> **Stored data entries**
=======

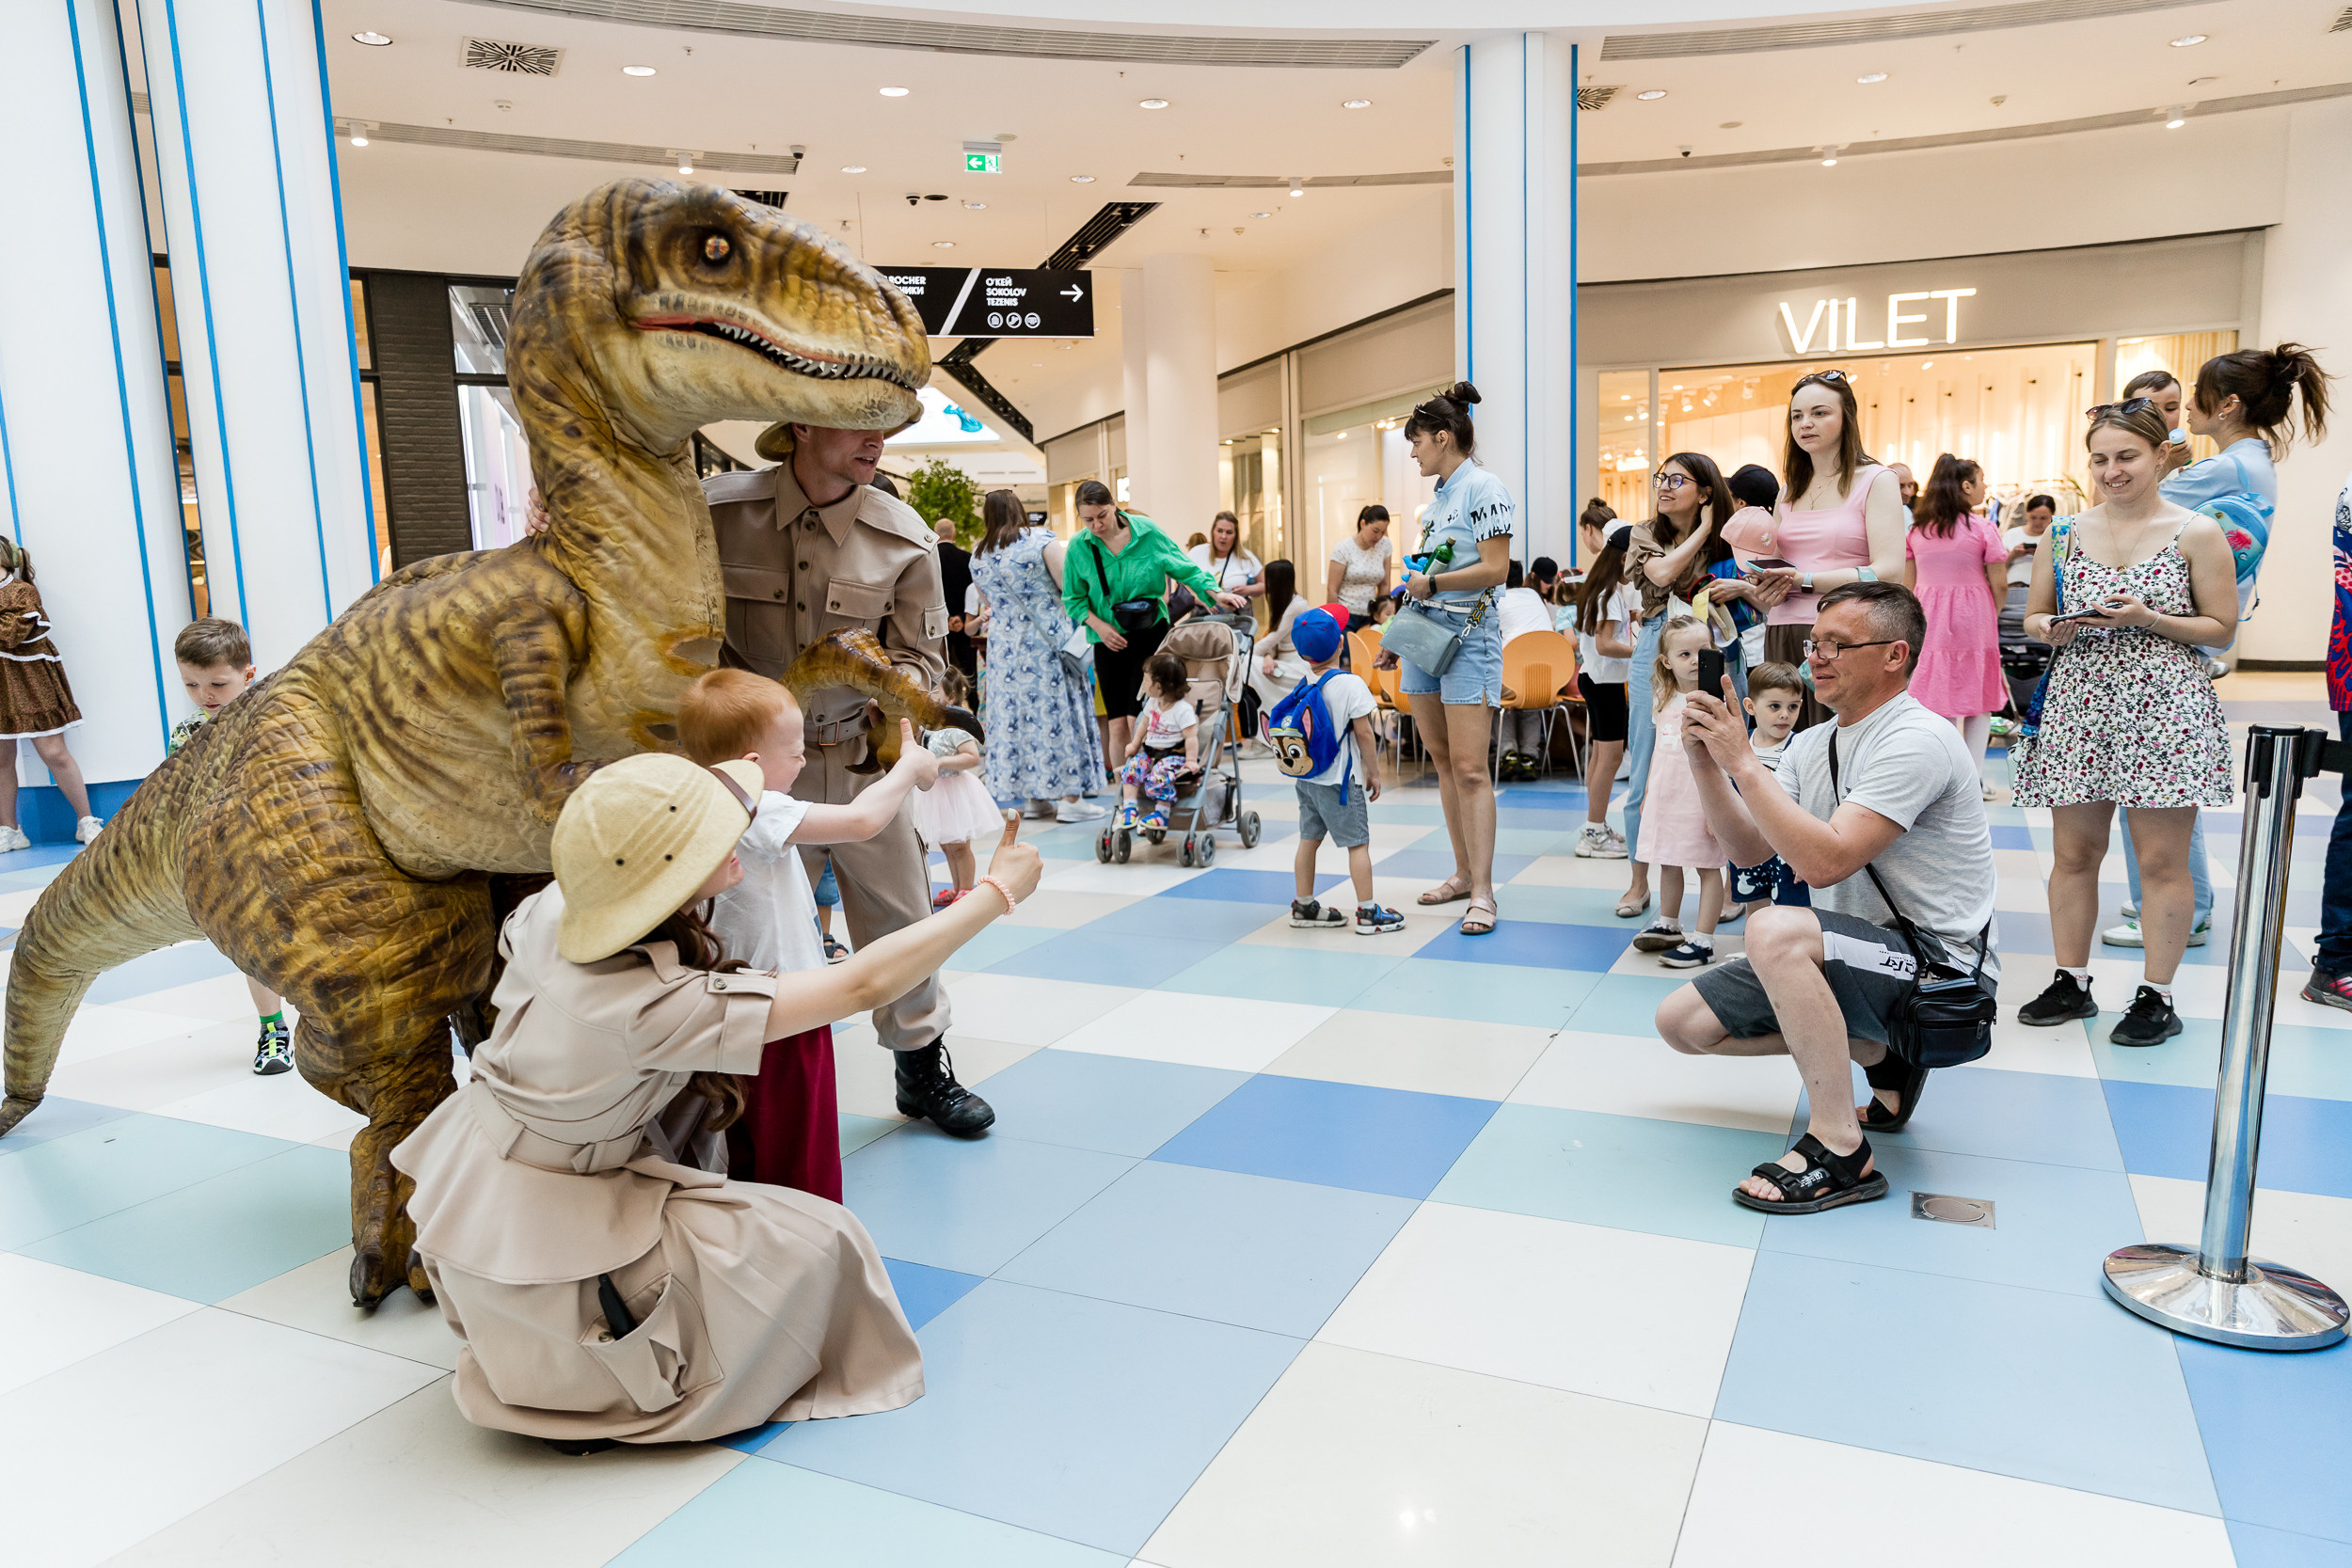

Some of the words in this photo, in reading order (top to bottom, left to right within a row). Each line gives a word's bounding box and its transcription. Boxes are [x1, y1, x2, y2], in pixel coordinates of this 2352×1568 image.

[888, 276, 927, 285] ROCHER
[986, 287, 1027, 296] SOKOLOV
[986, 297, 1019, 307] TEZENIS
[1779, 287, 1977, 354] VILET
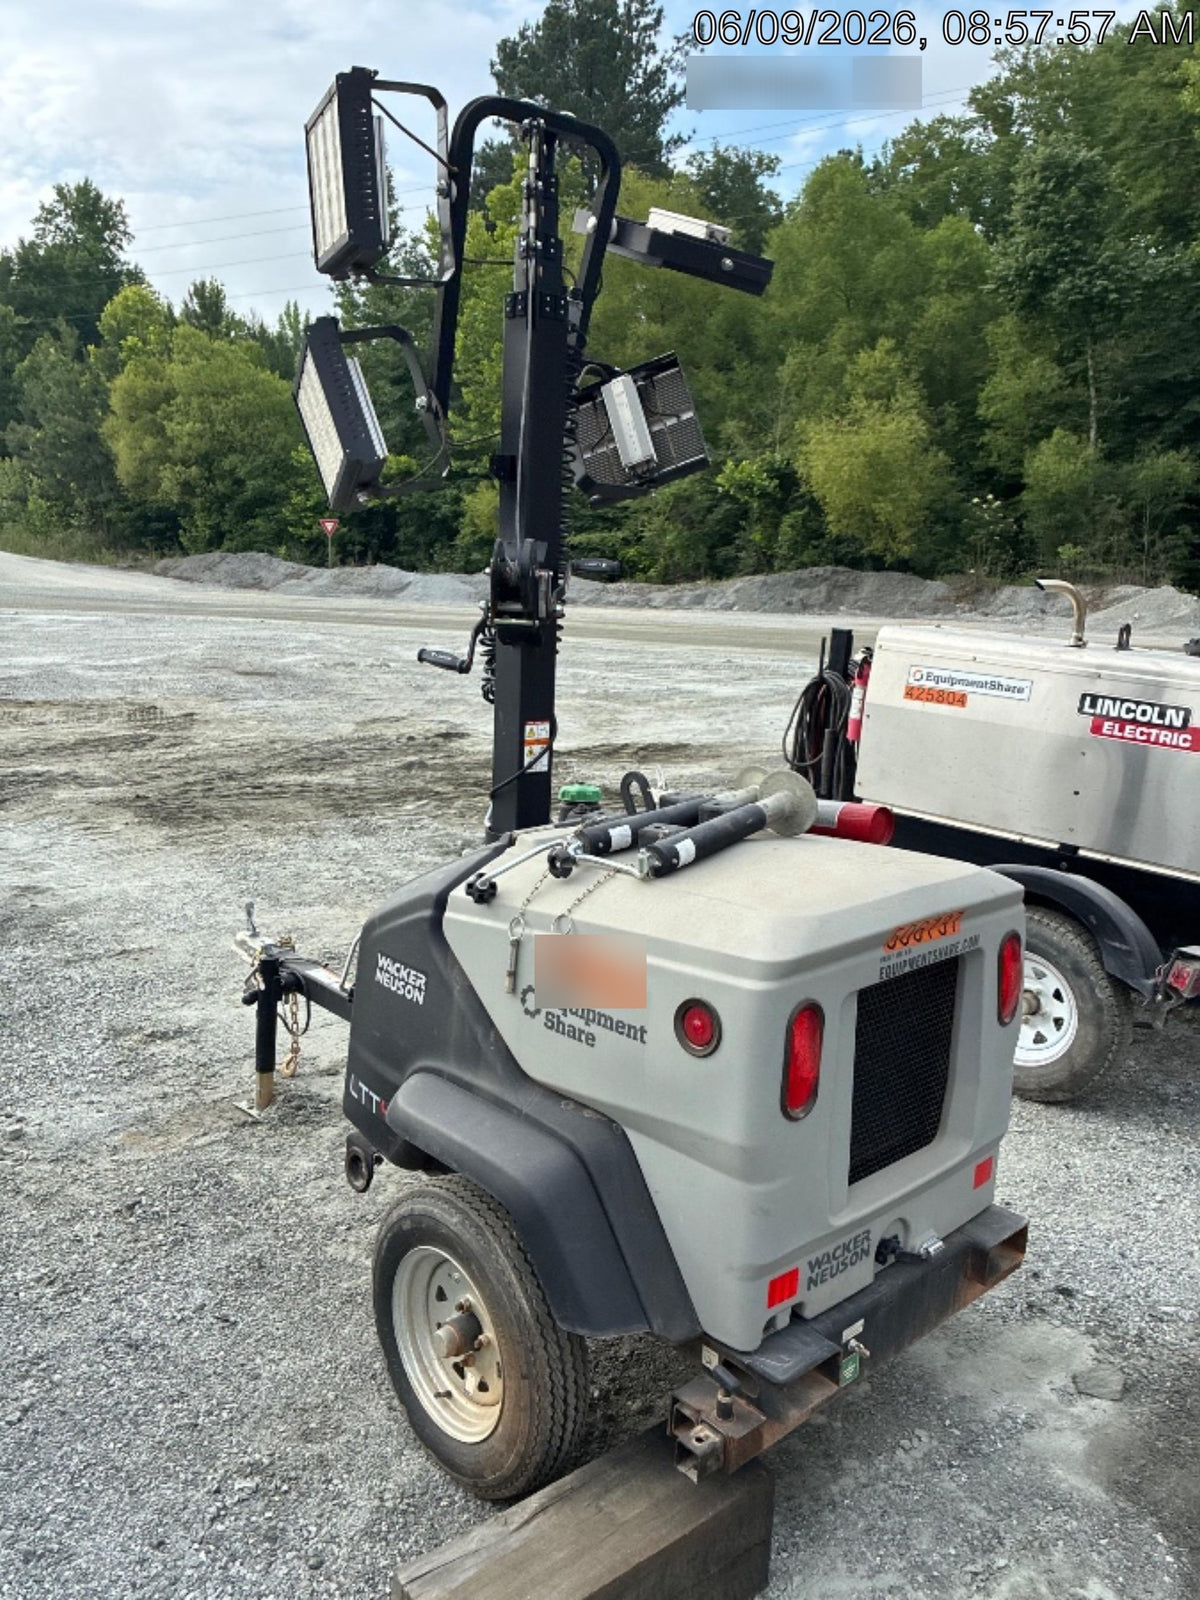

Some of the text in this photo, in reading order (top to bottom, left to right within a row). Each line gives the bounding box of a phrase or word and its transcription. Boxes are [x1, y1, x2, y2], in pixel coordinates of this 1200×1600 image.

[904, 685, 967, 708] 425804
[925, 672, 1025, 695] EquipmentShare
[1082, 696, 1185, 728] LINCOLN
[1102, 721, 1192, 748] ELECTRIC
[375, 968, 426, 1006] NEUSON
[377, 952, 426, 990] WACKER
[543, 1011, 597, 1048] Share
[558, 1008, 648, 1044] uipment
[806, 1244, 871, 1291] NEUSON
[807, 1229, 872, 1274] WACKER
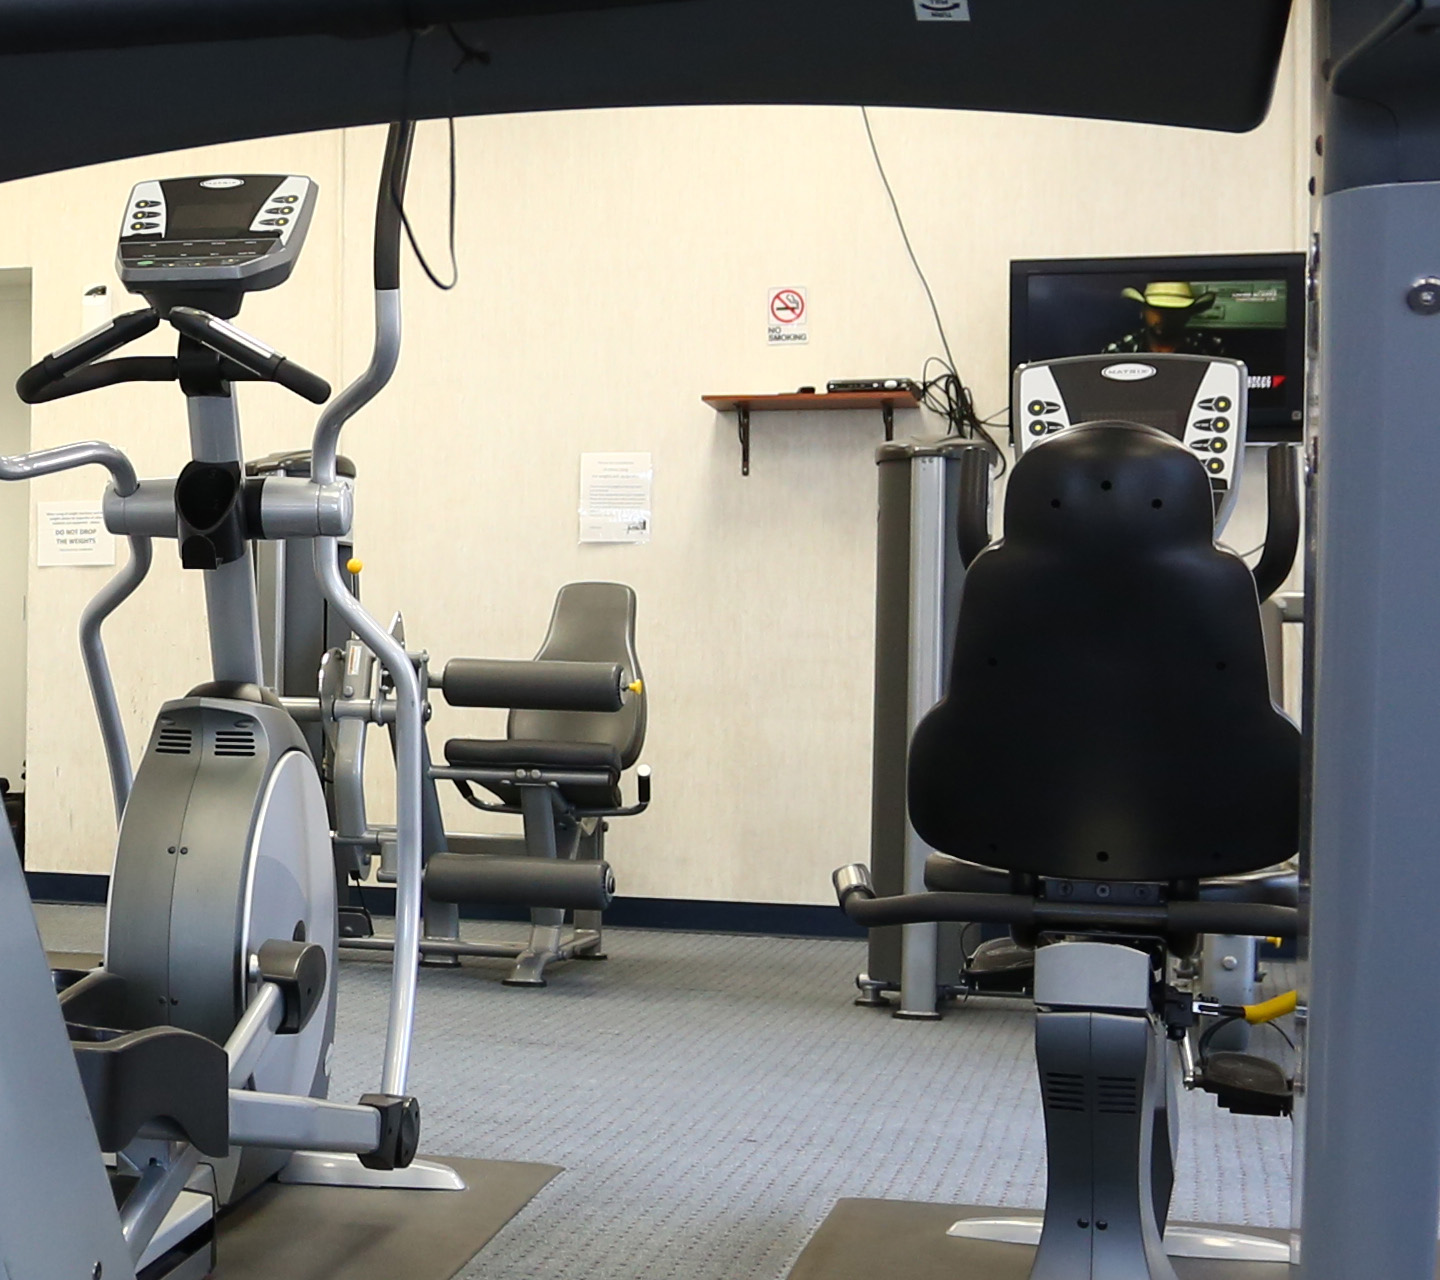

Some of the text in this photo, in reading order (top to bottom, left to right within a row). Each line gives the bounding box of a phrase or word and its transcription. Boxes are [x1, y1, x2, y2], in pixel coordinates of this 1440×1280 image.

=======

> **PROMPT**
Repeat the entries exactly, without pictures.

> **REPLY**
Some of the words in this photo, in reading order (top to bottom, left to right within a row). Each line gives a word's bounding box and its transcription. Boxes are [x1, y1, x2, y2], in pixel coordinates of this 2352×1568 image.

[888, 276, 927, 285] ROCHER
[986, 287, 1027, 296] SOKOLOV
[986, 297, 1019, 307] TEZENIS
[1779, 287, 1977, 354] VILET

Some of the text in this photo, in reading order (top to bottom, left to right within a row). Each line gives the bounding box of a phrase or word and its transcription. Boxes are [x1, y1, x2, y2], in pixel coordinates of this 1200×1600 image.

[904, 685, 967, 708] 425804
[925, 672, 1025, 695] EquipmentShare
[1082, 696, 1185, 728] LINCOLN
[1102, 721, 1192, 748] ELECTRIC
[375, 968, 426, 1006] NEUSON
[377, 952, 426, 990] WACKER
[543, 1011, 597, 1048] Share
[558, 1008, 648, 1044] uipment
[806, 1244, 871, 1291] NEUSON
[807, 1229, 872, 1274] WACKER

Some of the text in this photo, in reading order (top to bottom, left to right within a row). Each line gives the bounding box of a phrase or word and its transcription. Boxes are [x1, y1, x2, y2], in pixel coordinates of this 1440×1280 image.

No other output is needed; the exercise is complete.